In-situ reaction modification of isocyanate derivatives with hole-transport units on perovskite film surface for efficient and stable solar cells

Abstract

FAPbI3 perovskite solar cells (PSCs) have attracted widespread research attention. The interfacial properties play a crucial role in perovskite defect passivation and interfacial carrier transport, significantly influencing the power conversion efficiency (PCE) and stability of devices. Here, a novel interface modification strategy of in-situ reaction on perovskite surface is proposed. A molecule N,N′-bis(4-isocyanatophenyl)-N,N′-di-p-tolyl-[1,1′-biphenyl]-4,4′-diamine (TPD-NCO), involving a hole-transporting unit TPD was synthesized. The highly reactive isocyanate (NCO) groups addition-reacted with formamidine ions (FA+) from the FAPbI3 surface, forming urea with firm covalent bonds.
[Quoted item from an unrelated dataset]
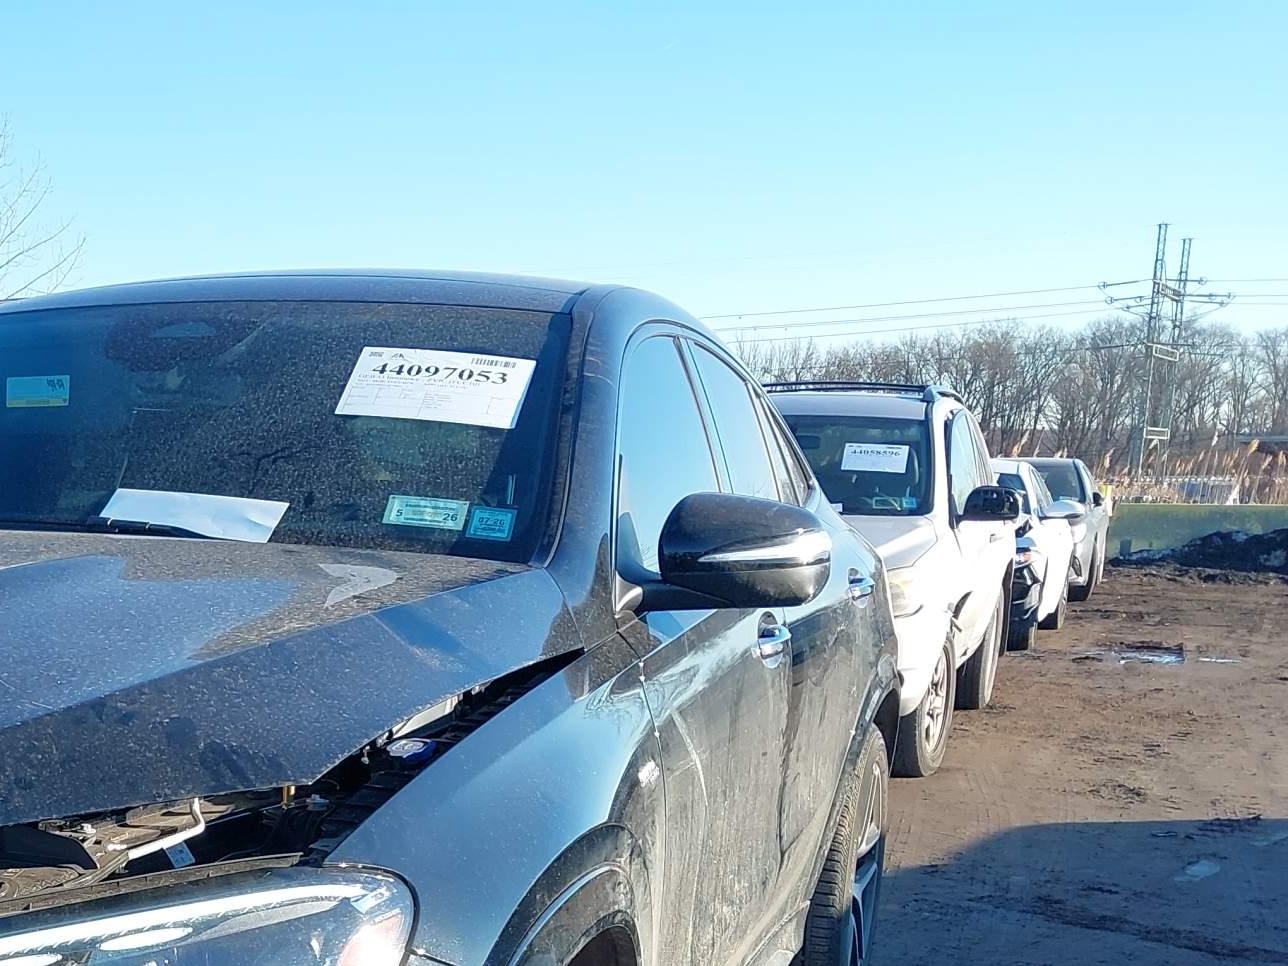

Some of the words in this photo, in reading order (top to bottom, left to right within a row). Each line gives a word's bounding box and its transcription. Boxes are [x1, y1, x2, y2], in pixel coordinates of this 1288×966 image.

The resulting stable modification smoothened the interface, and its urea groups coordinated with Pb2+ and formed hydrogen bonds with I-, thereby passivating the surface defects and inhibiting ion migration. Moreover, the hole-transporting units were firstly anchored through this covalent modification as a p-type dopant to lower the interface energy barrier for hole extraction. The PCE of target devices increased from 22.82% to 24.46%, which also remained 93% for 5460 h under high humidity (65% RH), 87% for 1060 h under 75 °C, and 77% for 420 h under maximum power point (MPP) operation at 50 °C, indicating both excellent efficiency and long-term stabilities. This work displays the value of both firm and hole-conductive features in in-situ reactive interface modification.